Ramasamy Daniel Varadharajan, popularly known as "Pavalar" Varadharajan, was a singer, lyricist, composer, musician, and playwright from Tamil Nadu, India. He headed a musical troupe named Pavalar Brothers in the 1960s. The group consisted of his later popular brothers - R. D. Bhaskar, Ilaiyaraaja, and Gangai Amaran.

He was known for his campaigns for the Communist Party of India (CPI). When the party underwent a split in 1964, he joined its breakaway faction - CPI(M). In his last year of life, he was associated with the Dravida Munnetra Kazhagam (DMK).

==Early life==
Varadharajan was born in Pannaipuram village (now a town in Theni district of Tamil Nadu) as the first child of Chinnathayi, who was the second wife of Ramasamy, an estate supervisor. His siblings were Kamalam, Padmavathi, R. D. Bhaskar, Ilaiyaraaja, and Gangai Amaran. He learnt music from Mariyananda Bhagavathar who was working in Trichy All India Radio station.

==Political life==
Varadharajan 's singing talent earned him the attention of Communist leaders. During the 1958 by-election held for the Devikulam constituency of Kerala Legislative Assembly, he campaigned for Rosamma Punnoose of the Communist Party of India (CPI) by singing political songs written and composed by himself in and around the tea estates in the constituency. During the victory meeting held after Punnoose won the election, E. M. S. Namboodiripad, the then Chief Minister of Kerala, mentioned that Varadharajan was the main reason for the victory in the election. After that, Varadharajan started an orchestra singing political songs for the party and performed across various cities in India.

==Death==
Due to health problems, Varadharajan was admitted in a hospital in Madurai and died there on 2 December 1973. His body was taken from Madurai to Pannaipuram and was buried there by his mother, brothers, and children.

=== Speculation on cause of death ===
In a January 2023 interview, Gangai Amaran was asked about the claims that Varadarajan died from injuries sustained during an assault by Communist cadre (who were allegedly irked by his defection to the DMK). Amaran reiterated what Varadarajan's wife had stated about Varadarajan being beaten, concluding without denying the claims.

==Descendants==
Varadharajan married V. Seeniyammal sometime before 1952. The couple had four sons: Jeevadurai, Stalin Varadharajan (aka "Ilaya Gangai") Homo Jov Daniel (aka "Pavalar Mainthan"), and "Pavalar" Sivaraman. Seeniyammal died on 9 April 2020.

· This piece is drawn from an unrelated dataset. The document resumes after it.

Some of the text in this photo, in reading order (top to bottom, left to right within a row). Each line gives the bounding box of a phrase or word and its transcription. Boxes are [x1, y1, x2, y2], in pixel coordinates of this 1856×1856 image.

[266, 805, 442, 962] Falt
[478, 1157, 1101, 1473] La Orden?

Stalin Varadharajan died around 2006 due to jaundice at the age of 54.

Jo, who was working as assistant director to R. V. Udayakumar, died on 15 July 2020.

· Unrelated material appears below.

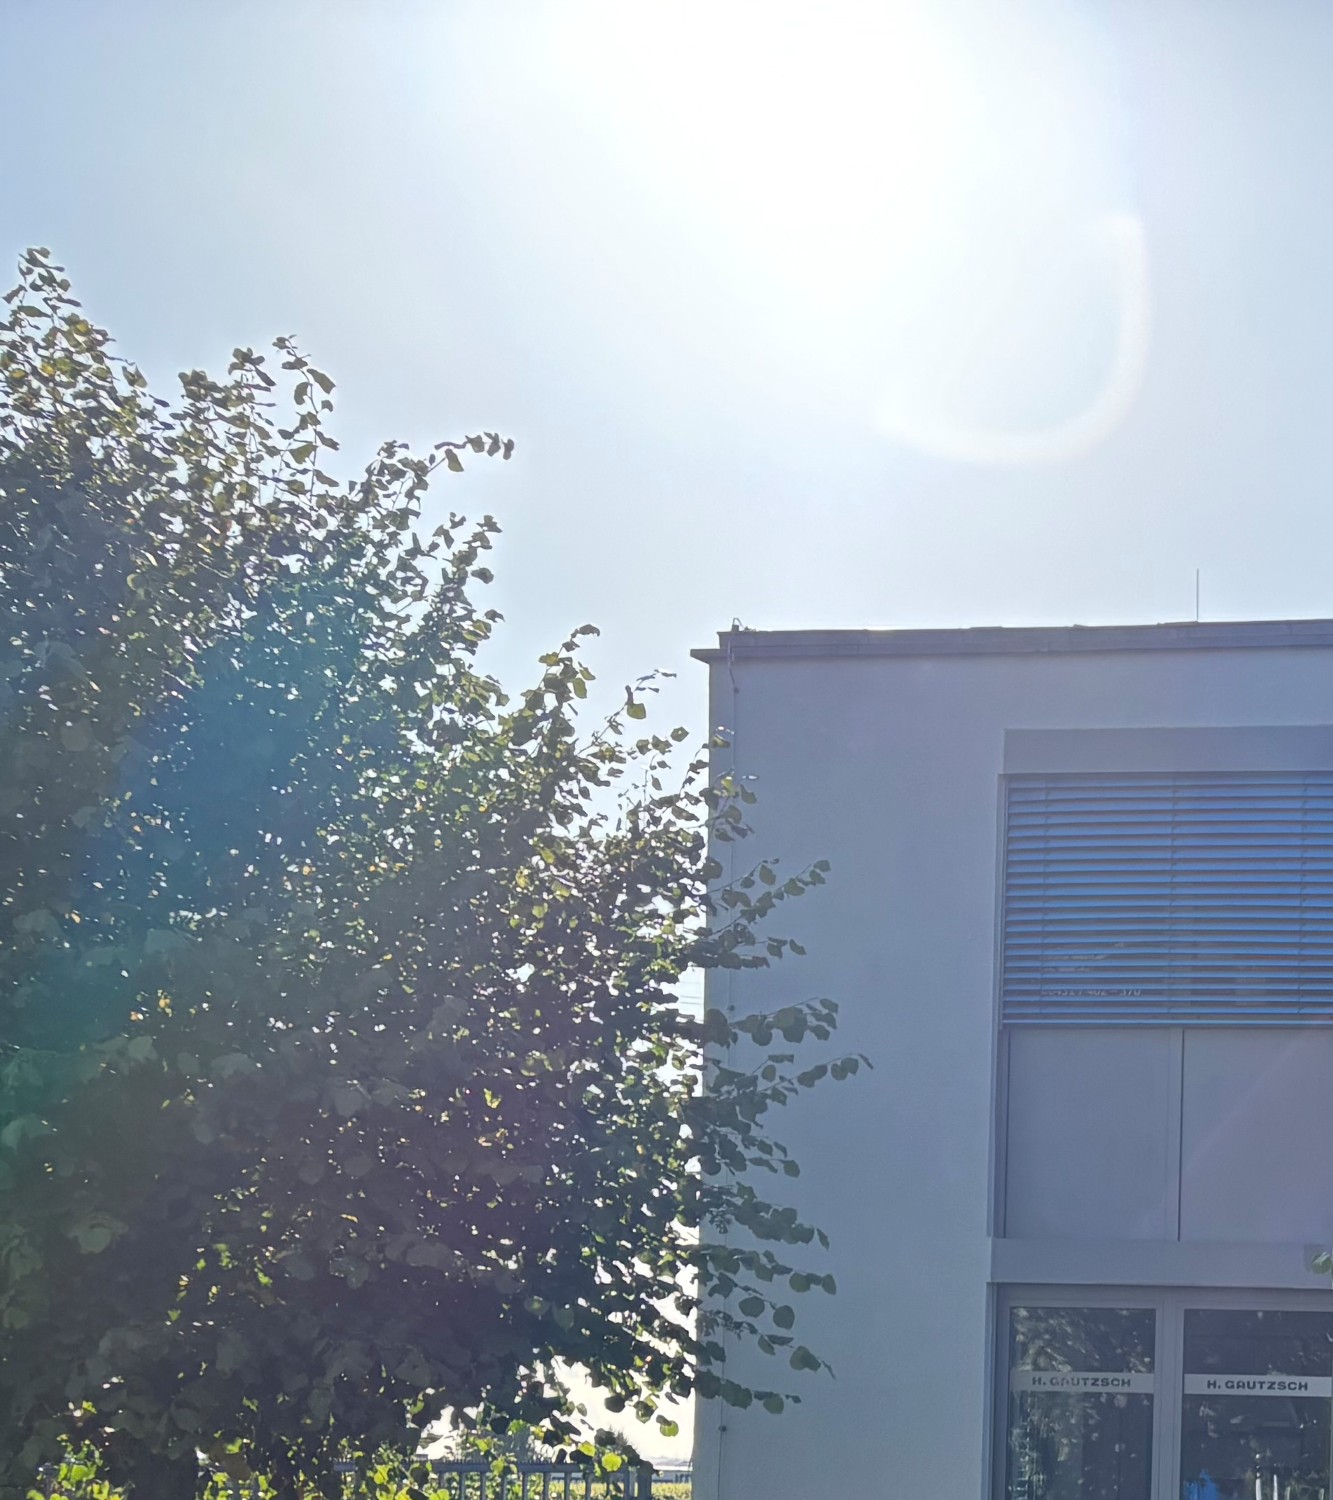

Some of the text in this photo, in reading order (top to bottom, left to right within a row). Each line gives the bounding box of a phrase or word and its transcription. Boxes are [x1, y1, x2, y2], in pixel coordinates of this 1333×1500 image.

[1031, 1376, 1132, 1388] H. GAUTZSCH
[1206, 1380, 1309, 1391] H. GAUTZSCH
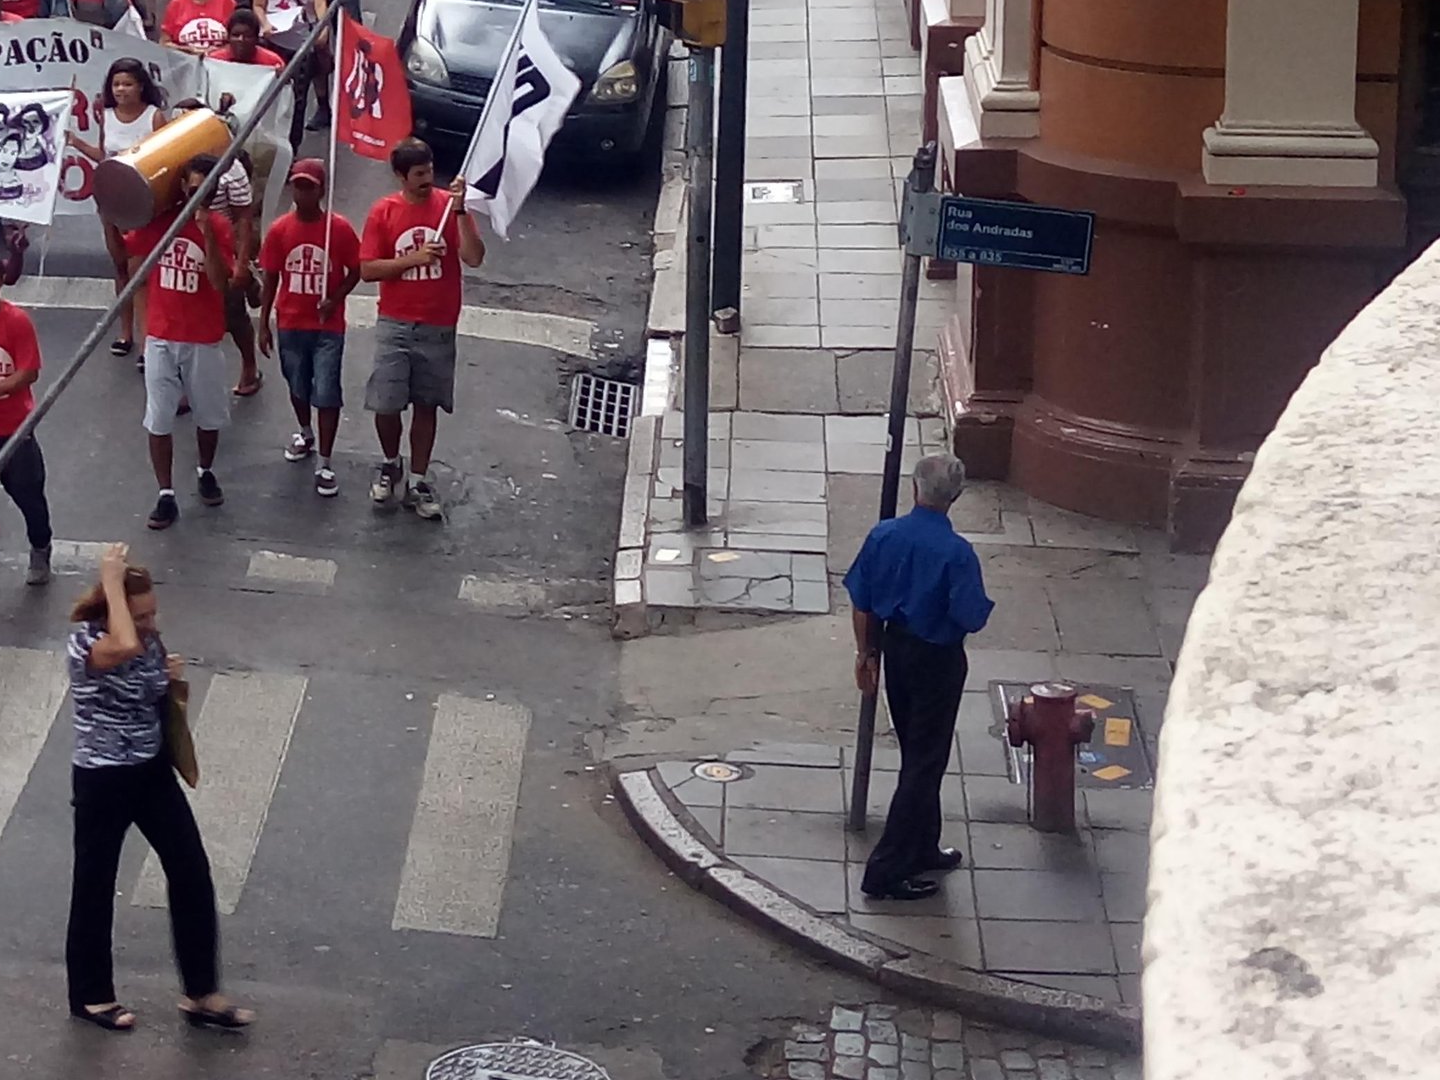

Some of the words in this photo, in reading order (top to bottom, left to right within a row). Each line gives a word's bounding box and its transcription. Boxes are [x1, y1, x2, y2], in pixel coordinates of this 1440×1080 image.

Sivaraman, who was a guitarist for Ilayaraja's film commitments, died of heart failure on 2 May 2023 at the age of 60. He is survived by his wife and three children.

== In popular culture ==
In the film Chinna Pasanga Naanga (1992), the protagonist Muthukaalai (Murali) and his friends establish "Pavalar Varadharajan Mandram" to carry out reforms in their village.

The film Uthama Raasa (1993) features a song "Paavalaru Pattu" (Note: The film was scored by Ilaiyaraaja, with lyrics by Vaali.) .

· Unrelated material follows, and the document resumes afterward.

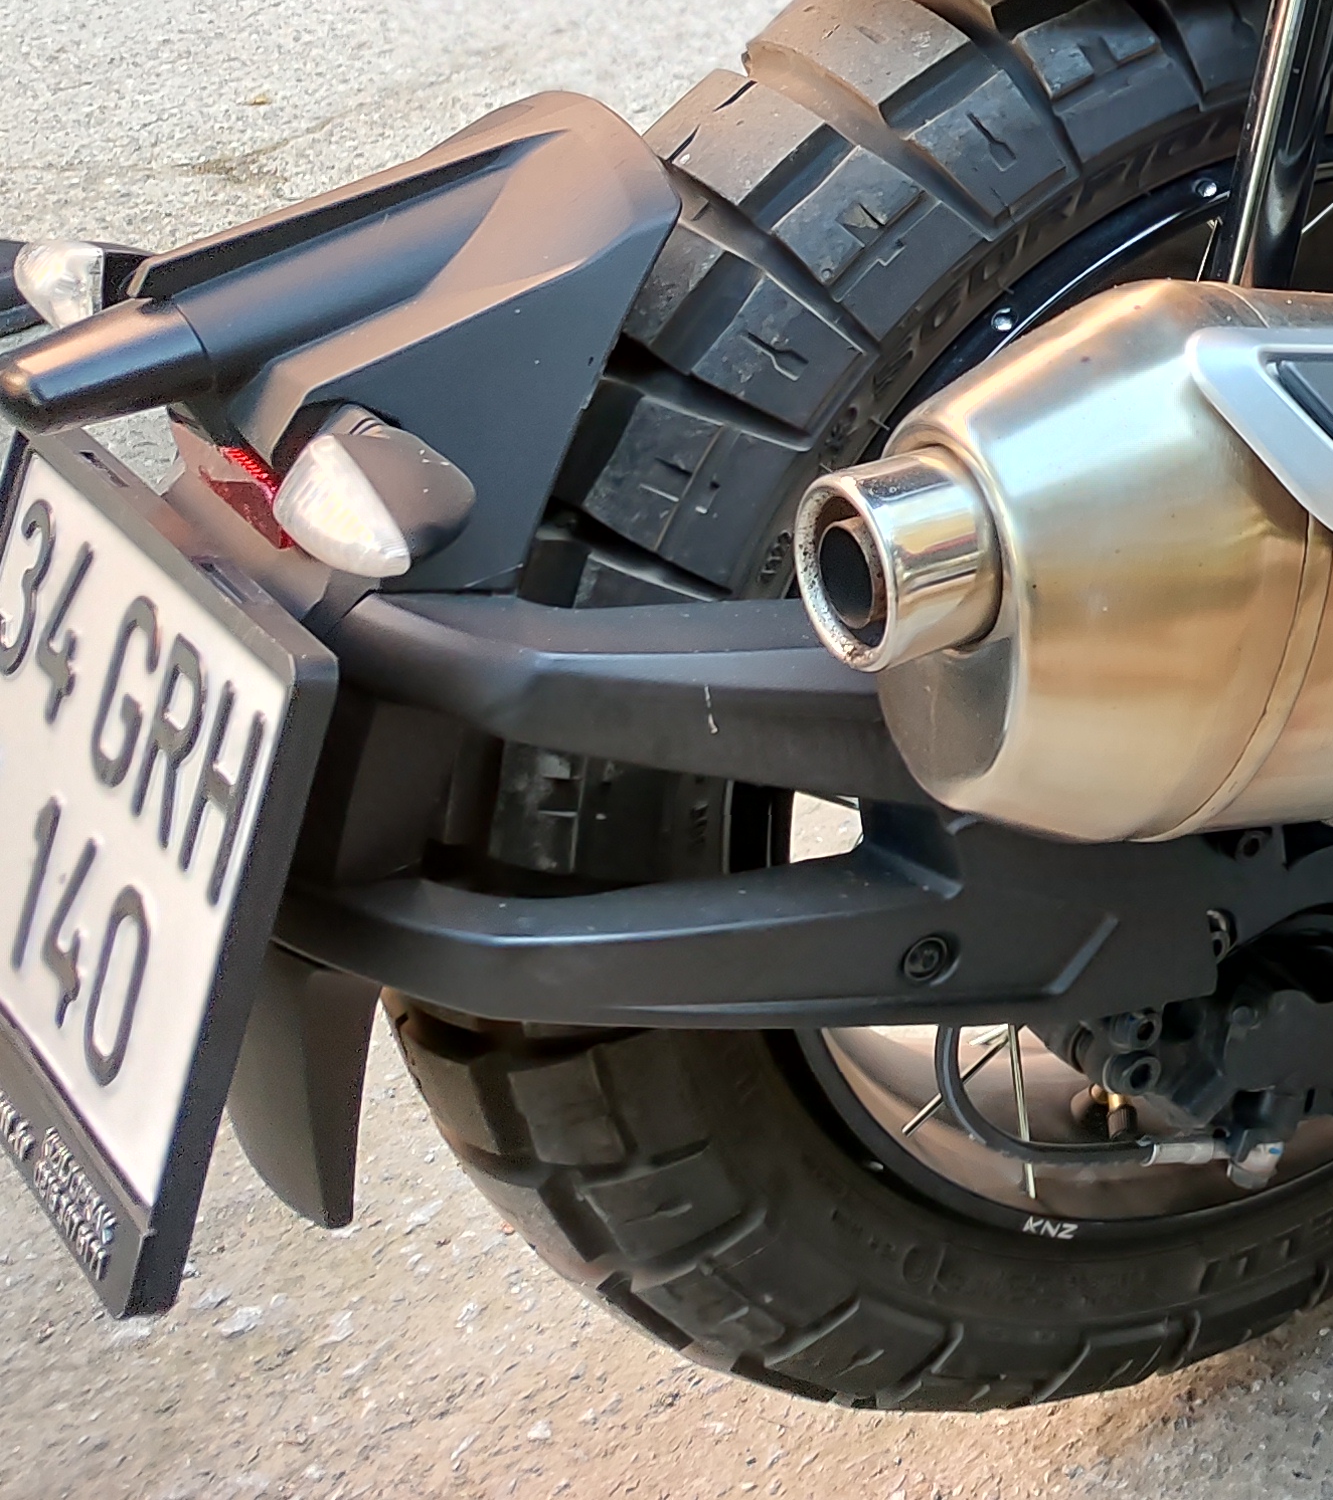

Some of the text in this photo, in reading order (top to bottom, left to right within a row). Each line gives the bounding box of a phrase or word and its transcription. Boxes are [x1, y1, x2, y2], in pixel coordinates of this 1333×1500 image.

[0, 498, 267, 908] 34 GRH
[10, 795, 152, 1088] 140
[1022, 1214, 1078, 1240] KNZ

The song "Nattupura paatu" from the 1996 film of the same name (Note: The film was scored by Ilaiyaraaja, with lyrics written by Kasthuri Raja who was the film's director as well.) contains the line "Paavalaru varadharaasan / Paadi vecha paatu ithu".

Varadharajan is briefly portrayed in a short film on Ilaiyaraaja that premiered at Ilaiyaraaja's golden jubilee felicitation, held in Chennai by the Government of Tamil Nadu on 13 September 2025.

==Biography==
- Padipaligalin paarvaiyil Pavalar Varadharajan (Pavalar Varadharajan in the eyes of creators) by Sangai Velavan.
- Pavalar Varadharajan Padalgal - edited by Ilayaraja.